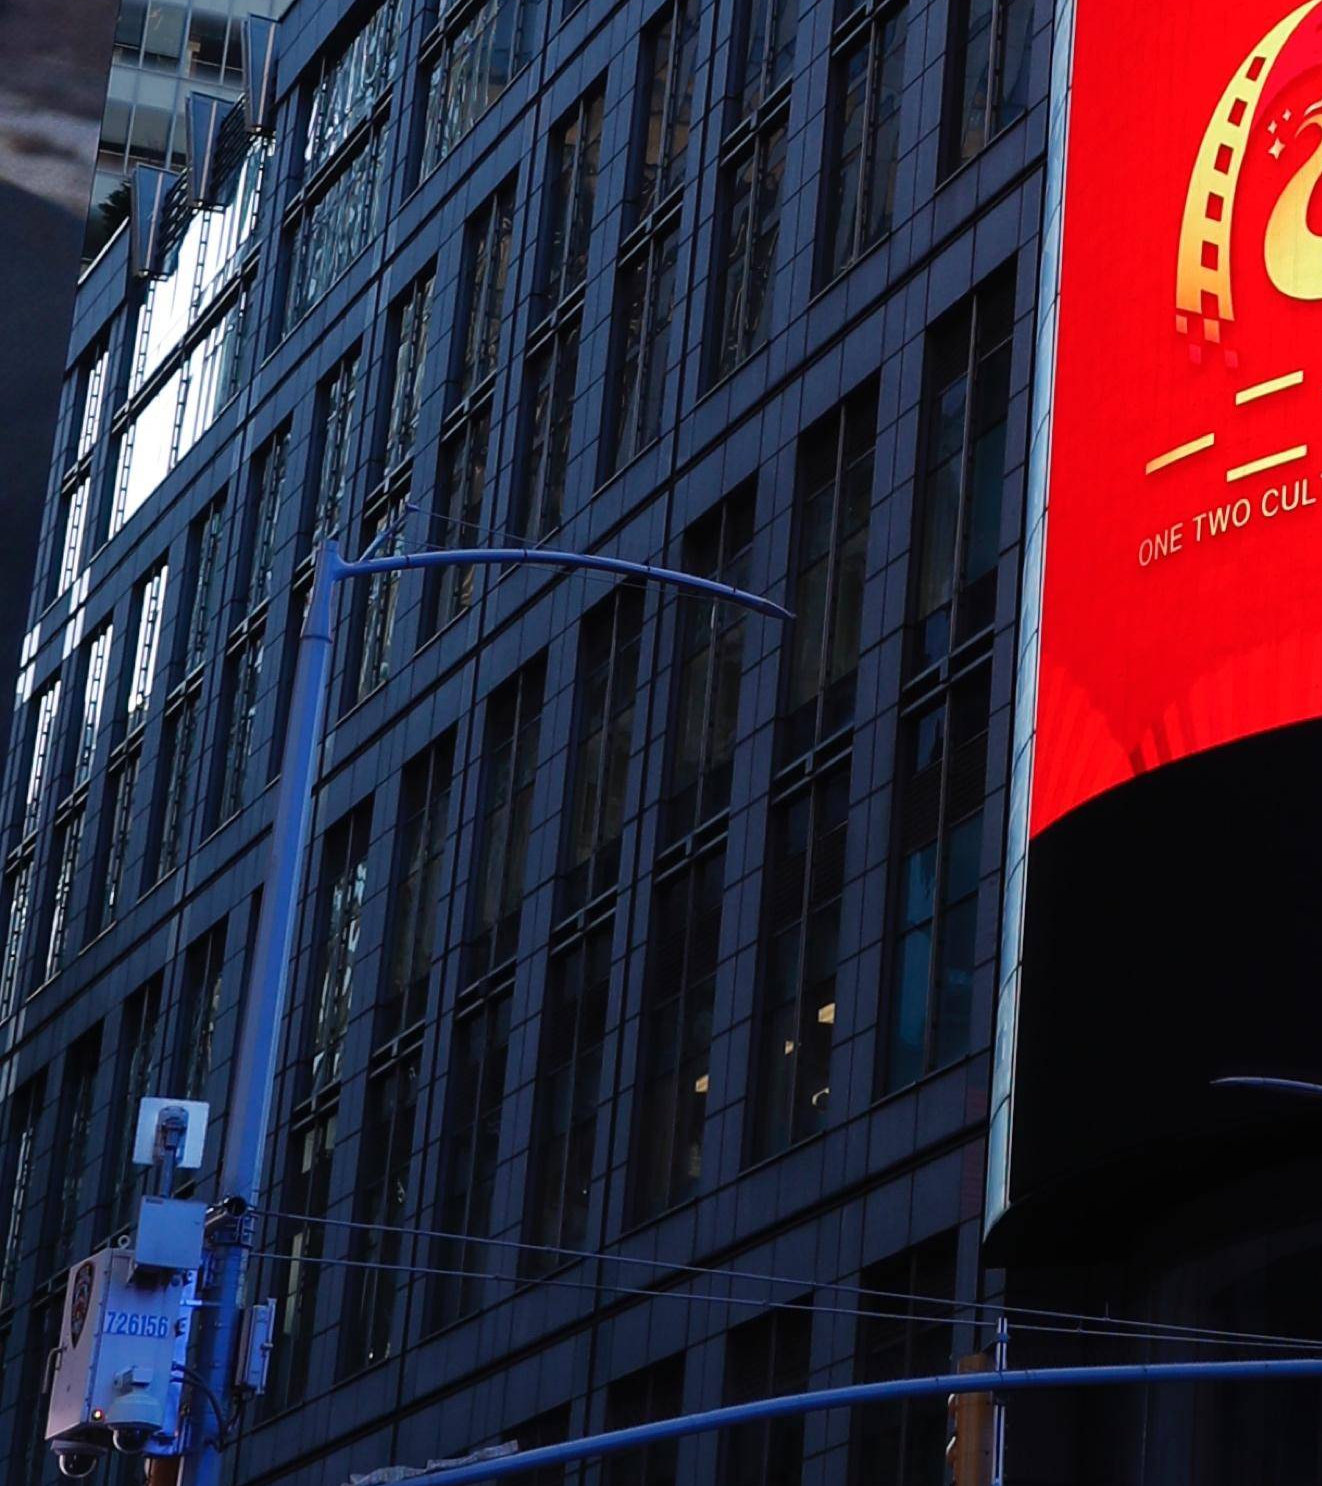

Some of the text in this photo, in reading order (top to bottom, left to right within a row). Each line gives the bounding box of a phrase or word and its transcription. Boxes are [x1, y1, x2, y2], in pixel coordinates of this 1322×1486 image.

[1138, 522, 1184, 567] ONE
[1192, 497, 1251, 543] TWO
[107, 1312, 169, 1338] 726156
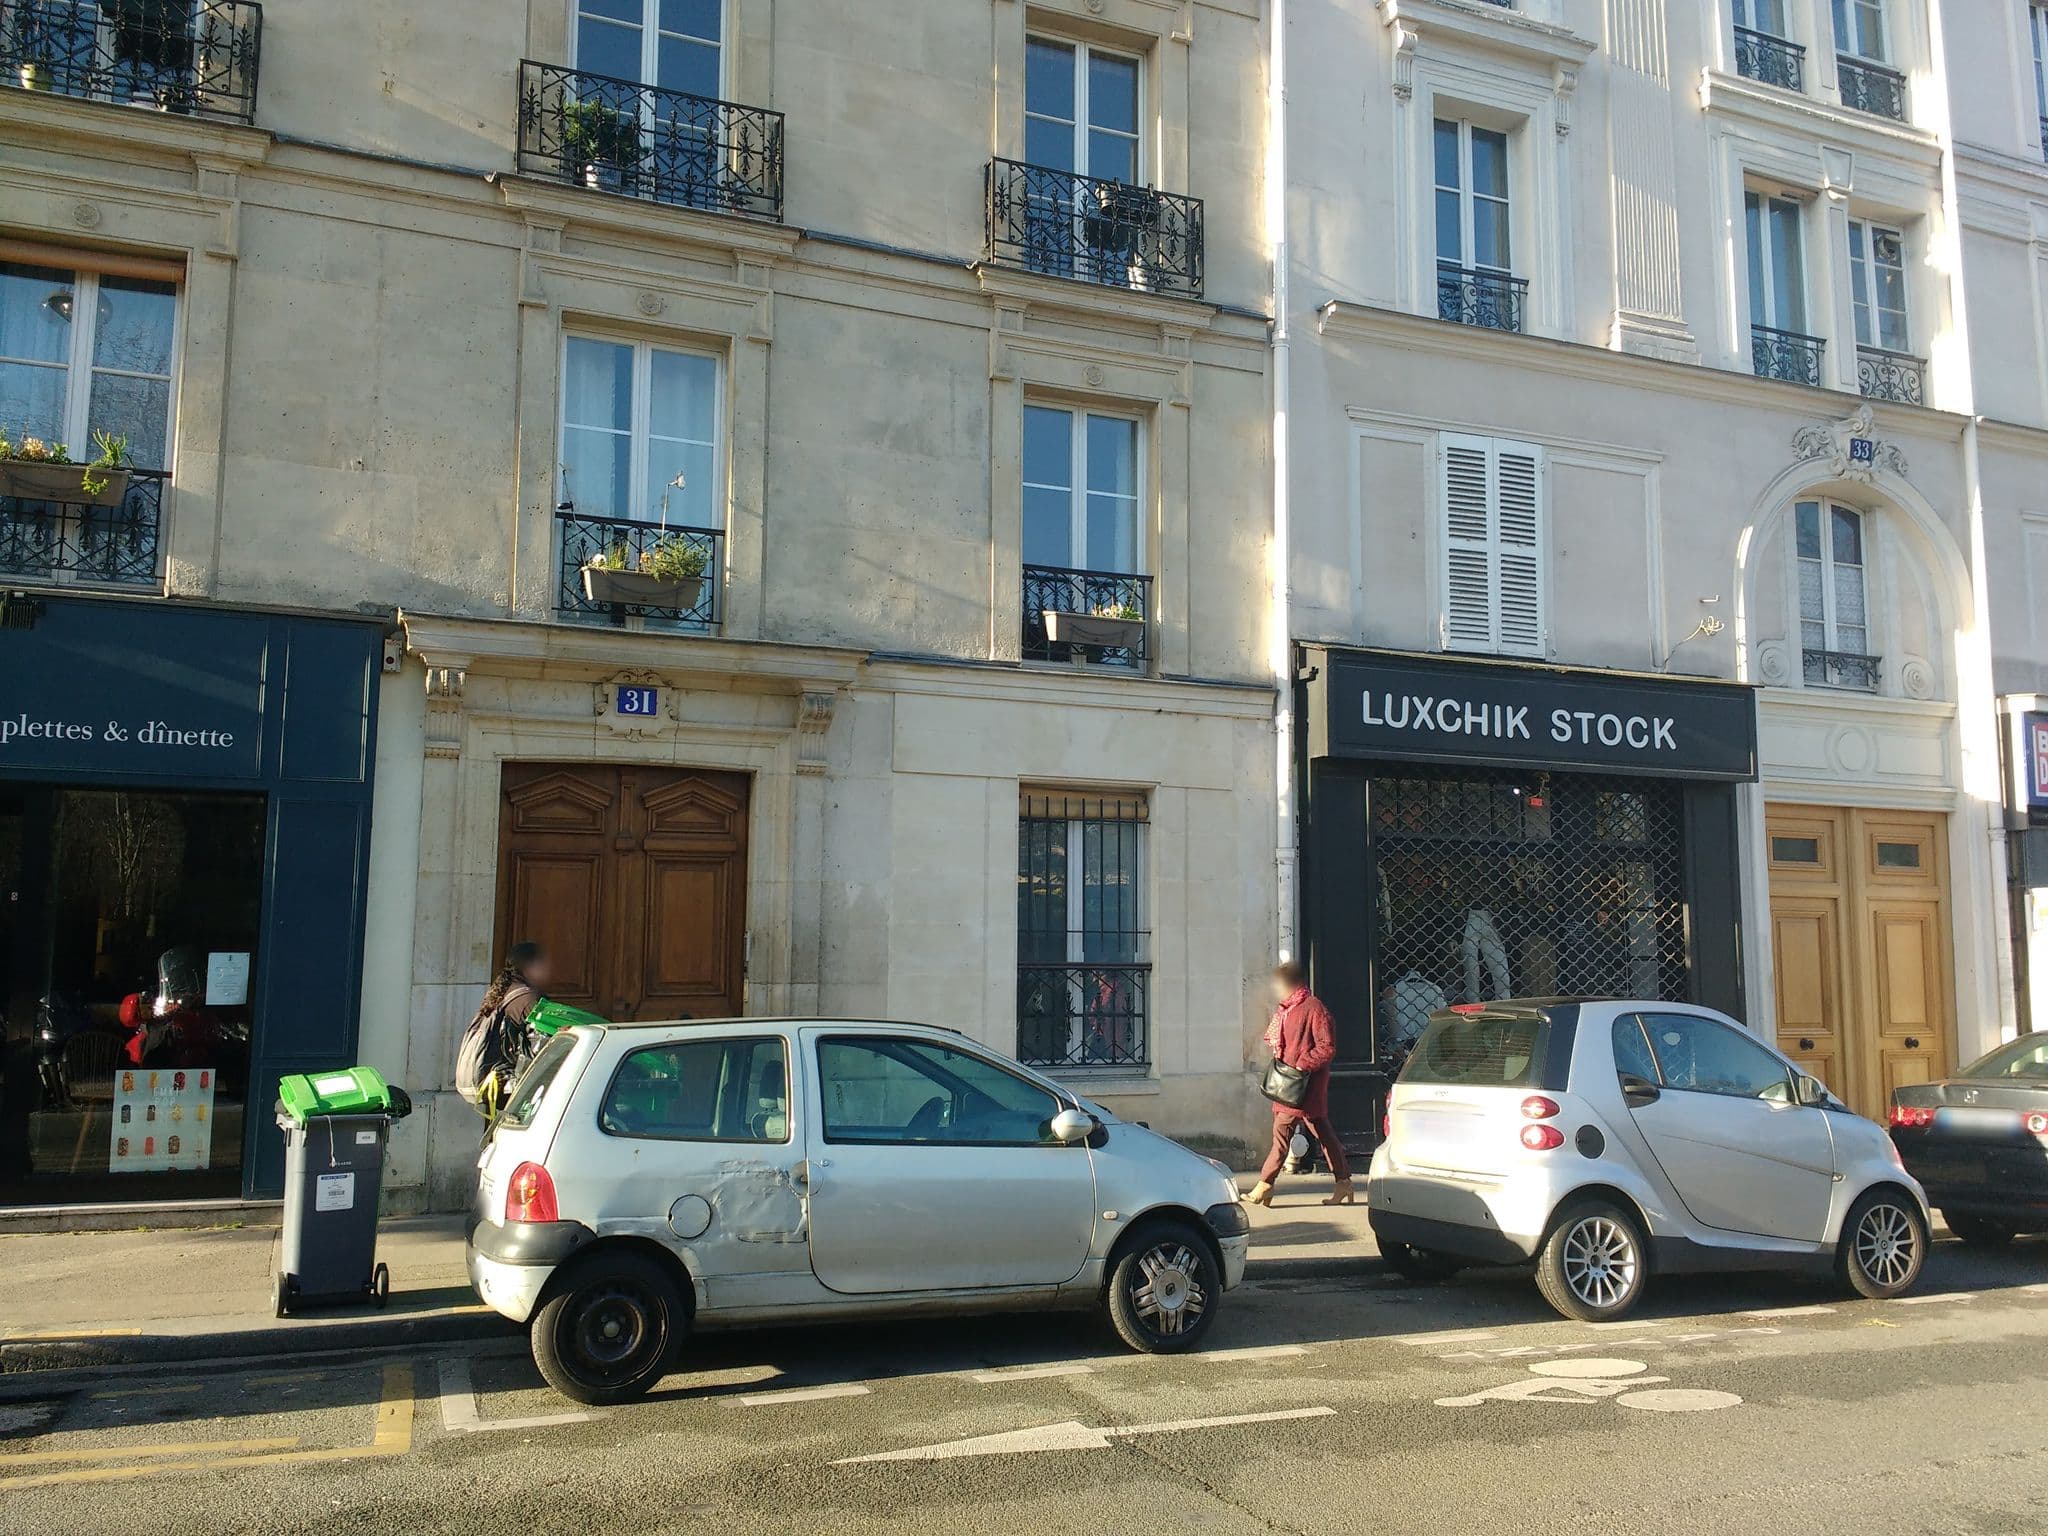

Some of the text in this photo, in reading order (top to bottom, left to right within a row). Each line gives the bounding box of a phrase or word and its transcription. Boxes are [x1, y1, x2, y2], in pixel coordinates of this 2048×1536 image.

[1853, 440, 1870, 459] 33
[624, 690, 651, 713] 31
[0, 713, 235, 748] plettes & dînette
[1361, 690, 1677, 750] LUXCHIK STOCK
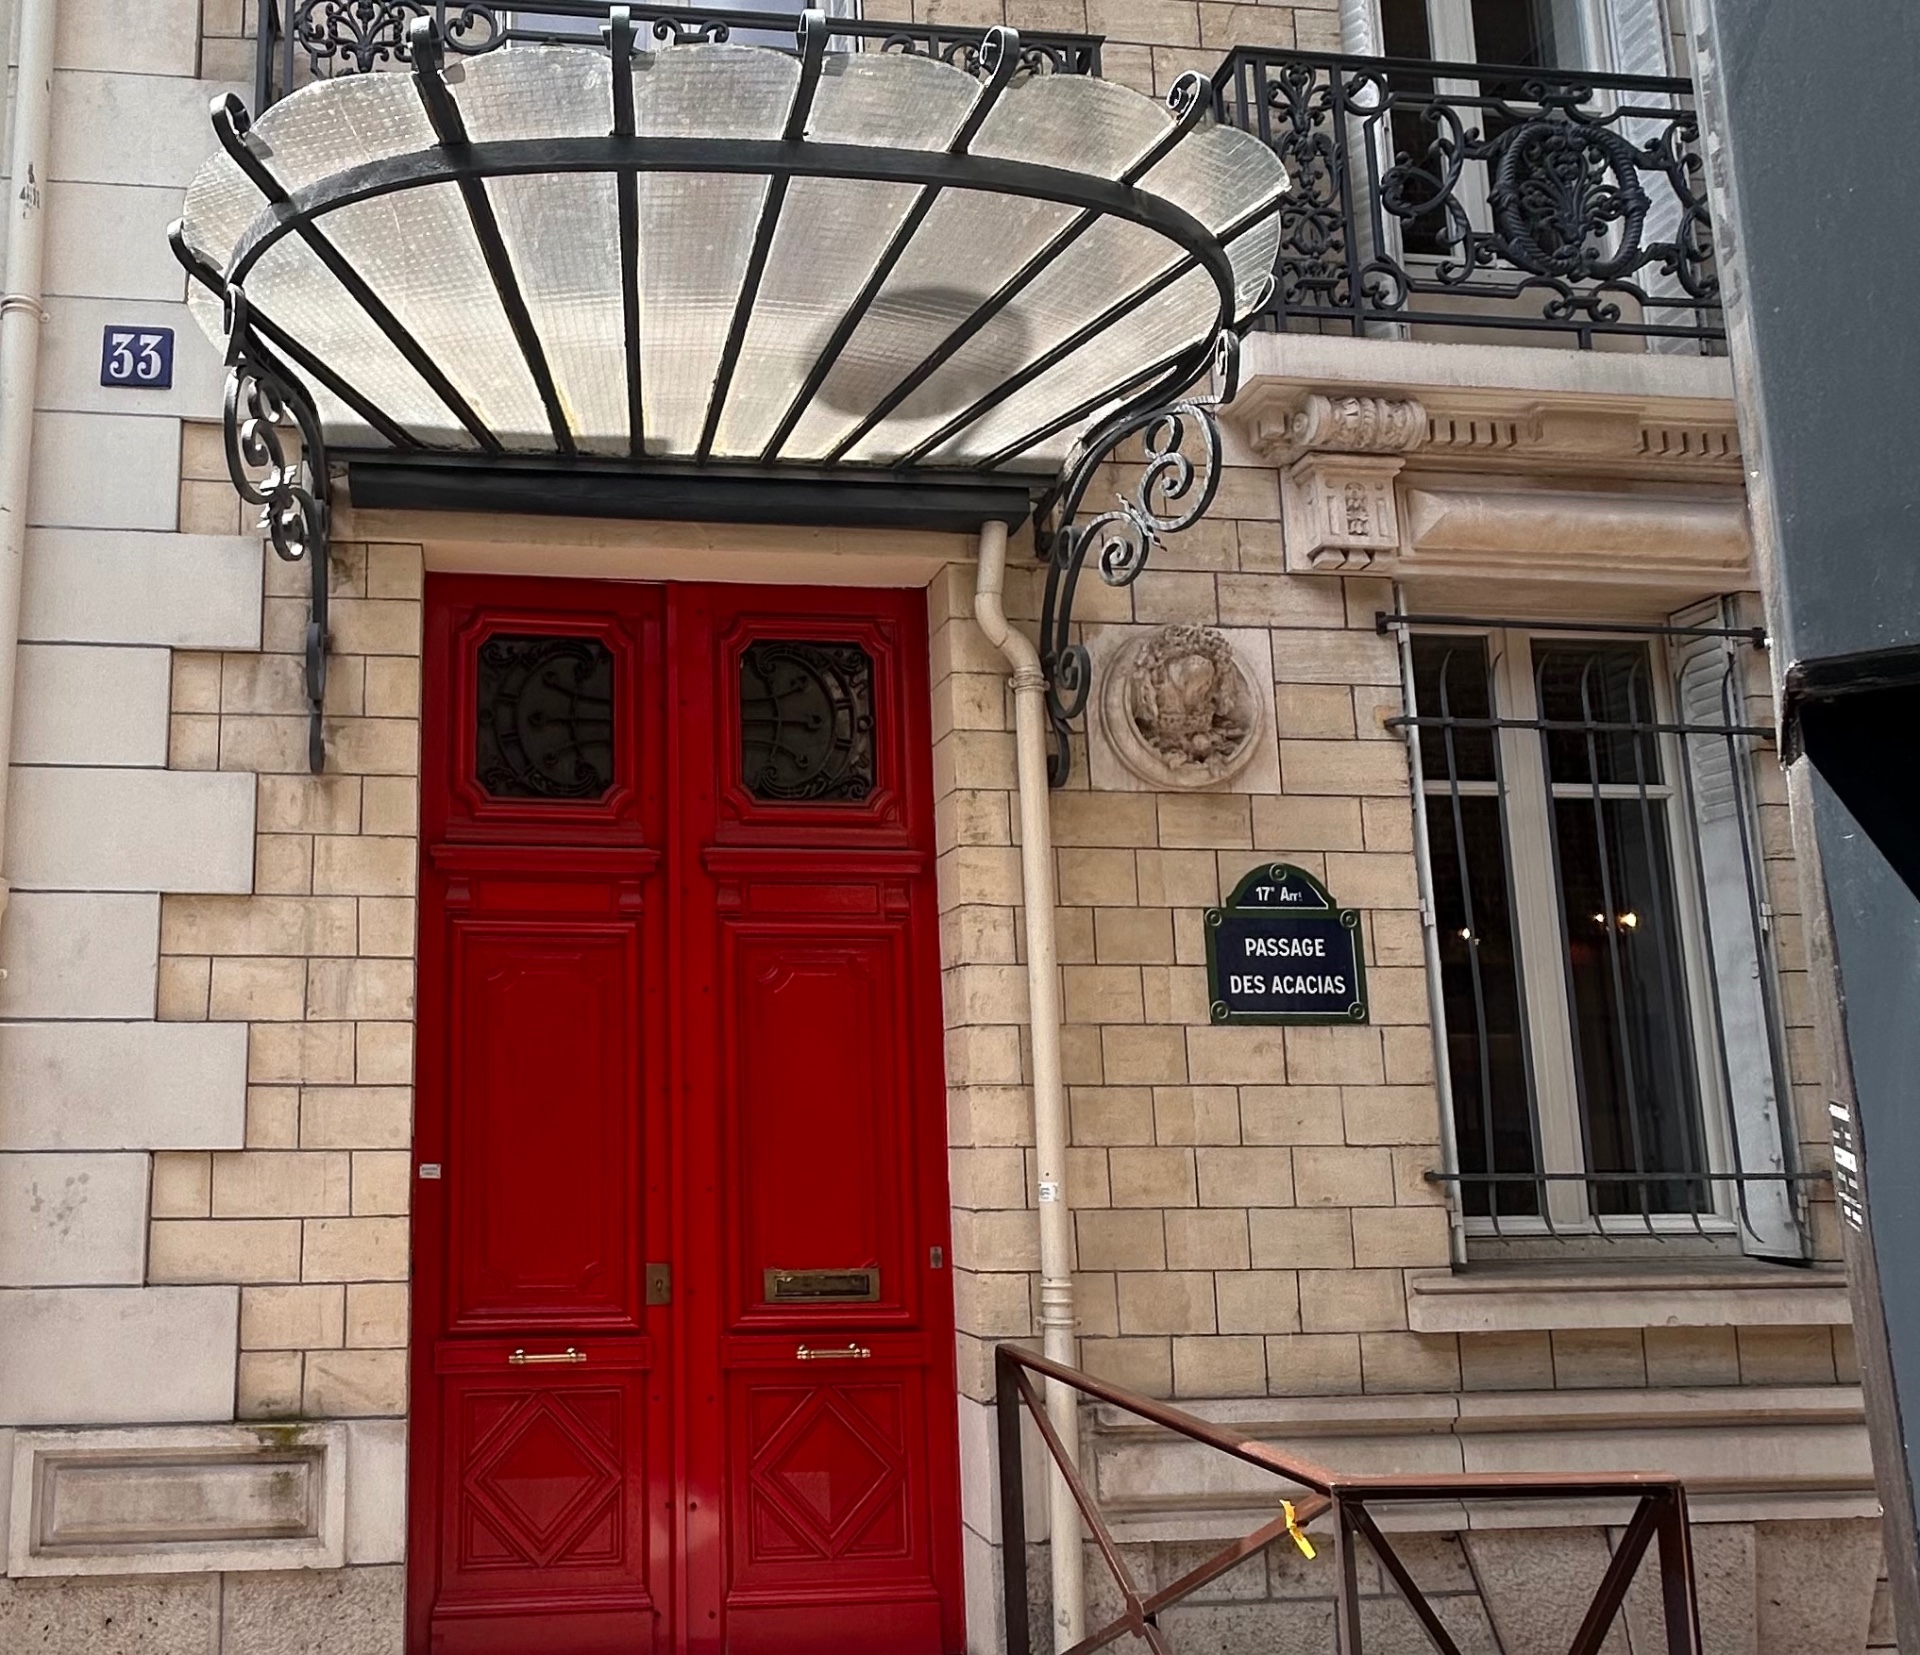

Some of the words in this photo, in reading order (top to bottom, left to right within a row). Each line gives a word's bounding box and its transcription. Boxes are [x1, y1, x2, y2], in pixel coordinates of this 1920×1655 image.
________
-- YOUR ASSIGNMENT --
If pictures appear in the data, do not print them; repeat the rest exactly.

-- RESULT BELOW --
Some of the text in this photo, in reading order (top to bottom, left to right within a row). Each line gives the bounding box of a phrase or word and its transcription. Boxes are [x1, y1, x2, y2], in pixel coordinates of this 1322×1486 image.

[1138, 522, 1184, 567] ONE
[1192, 497, 1251, 543] TWO
[107, 1312, 169, 1338] 726156

Some of the text in this photo, in reading order (top to bottom, left to right within a row). Each line gives the bounding box of a phrase or word and its transcription. Boxes are [x1, y1, x2, y2], in pixel coordinates of this 2048×1536 image.

[1853, 440, 1870, 459] 33
[624, 690, 651, 713] 31
[0, 713, 235, 748] plettes & dînette
[1361, 690, 1677, 750] LUXCHIK STOCK

Some of the words in this photo, in reading order (top to bottom, left to right within a row). Each line gives a word's bounding box and its transcription. Boxes are [x1, y1, x2, y2], in pixel coordinates of this 1920×1655 image.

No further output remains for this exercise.